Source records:
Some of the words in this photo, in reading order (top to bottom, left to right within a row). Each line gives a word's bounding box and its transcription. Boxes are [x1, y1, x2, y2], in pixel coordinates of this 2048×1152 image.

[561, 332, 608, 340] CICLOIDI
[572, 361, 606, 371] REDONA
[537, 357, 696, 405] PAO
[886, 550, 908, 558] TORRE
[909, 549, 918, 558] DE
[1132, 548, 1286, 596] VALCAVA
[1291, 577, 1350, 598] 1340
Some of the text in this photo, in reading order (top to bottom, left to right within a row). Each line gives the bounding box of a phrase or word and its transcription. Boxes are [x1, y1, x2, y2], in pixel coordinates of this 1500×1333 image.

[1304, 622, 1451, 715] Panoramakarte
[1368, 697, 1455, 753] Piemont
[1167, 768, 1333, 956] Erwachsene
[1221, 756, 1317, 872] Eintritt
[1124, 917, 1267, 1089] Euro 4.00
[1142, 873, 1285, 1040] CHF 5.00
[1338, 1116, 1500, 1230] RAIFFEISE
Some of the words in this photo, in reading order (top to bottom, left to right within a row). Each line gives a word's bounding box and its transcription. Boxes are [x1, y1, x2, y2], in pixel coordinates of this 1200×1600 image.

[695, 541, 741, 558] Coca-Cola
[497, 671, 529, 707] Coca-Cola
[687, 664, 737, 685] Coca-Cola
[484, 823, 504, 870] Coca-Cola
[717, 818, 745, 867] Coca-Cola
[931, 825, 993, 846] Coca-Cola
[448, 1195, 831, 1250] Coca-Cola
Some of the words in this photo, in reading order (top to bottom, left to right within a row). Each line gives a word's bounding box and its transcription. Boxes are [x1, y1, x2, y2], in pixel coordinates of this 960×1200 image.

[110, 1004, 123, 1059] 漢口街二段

- Exercise details -
Each line above is to be set down again verbatim.

- Solution to this exercise -
Some of the words in this photo, in reading order (top to bottom, left to right within a row). Each line gives a word's bounding box and its transcription. Boxes are [x1, y1, x2, y2], in pixel coordinates of this 2048×1152 image.

[561, 332, 608, 340] CICLOIDI
[572, 361, 606, 371] REDONA
[537, 357, 696, 405] PAO
[886, 550, 908, 558] TORRE
[909, 549, 918, 558] DE
[1132, 548, 1286, 596] VALCAVA
[1291, 577, 1350, 598] 1340
Some of the text in this photo, in reading order (top to bottom, left to right within a row). Each line gives the bounding box of a phrase or word and its transcription. Boxes are [x1, y1, x2, y2], in pixel coordinates of this 1500×1333 image.

[1304, 622, 1451, 715] Panoramakarte
[1368, 697, 1455, 753] Piemont
[1167, 768, 1333, 956] Erwachsene
[1221, 756, 1317, 872] Eintritt
[1124, 917, 1267, 1089] Euro 4.00
[1142, 873, 1285, 1040] CHF 5.00
[1338, 1116, 1500, 1230] RAIFFEISE
Some of the words in this photo, in reading order (top to bottom, left to right within a row). Each line gives a word's bounding box and its transcription. Boxes are [x1, y1, x2, y2], in pixel coordinates of this 1200×1600 image.

[695, 541, 741, 558] Coca-Cola
[497, 671, 529, 707] Coca-Cola
[687, 664, 737, 685] Coca-Cola
[484, 823, 504, 870] Coca-Cola
[717, 818, 745, 867] Coca-Cola
[931, 825, 993, 846] Coca-Cola
[448, 1195, 831, 1250] Coca-Cola
Some of the words in this photo, in reading order (top to bottom, left to right within a row). Each line gives a word's bounding box and its transcription. Boxes are [x1, y1, x2, y2], in pixel coordinates of this 960×1200 image.

[110, 1004, 123, 1059] 漢口街二段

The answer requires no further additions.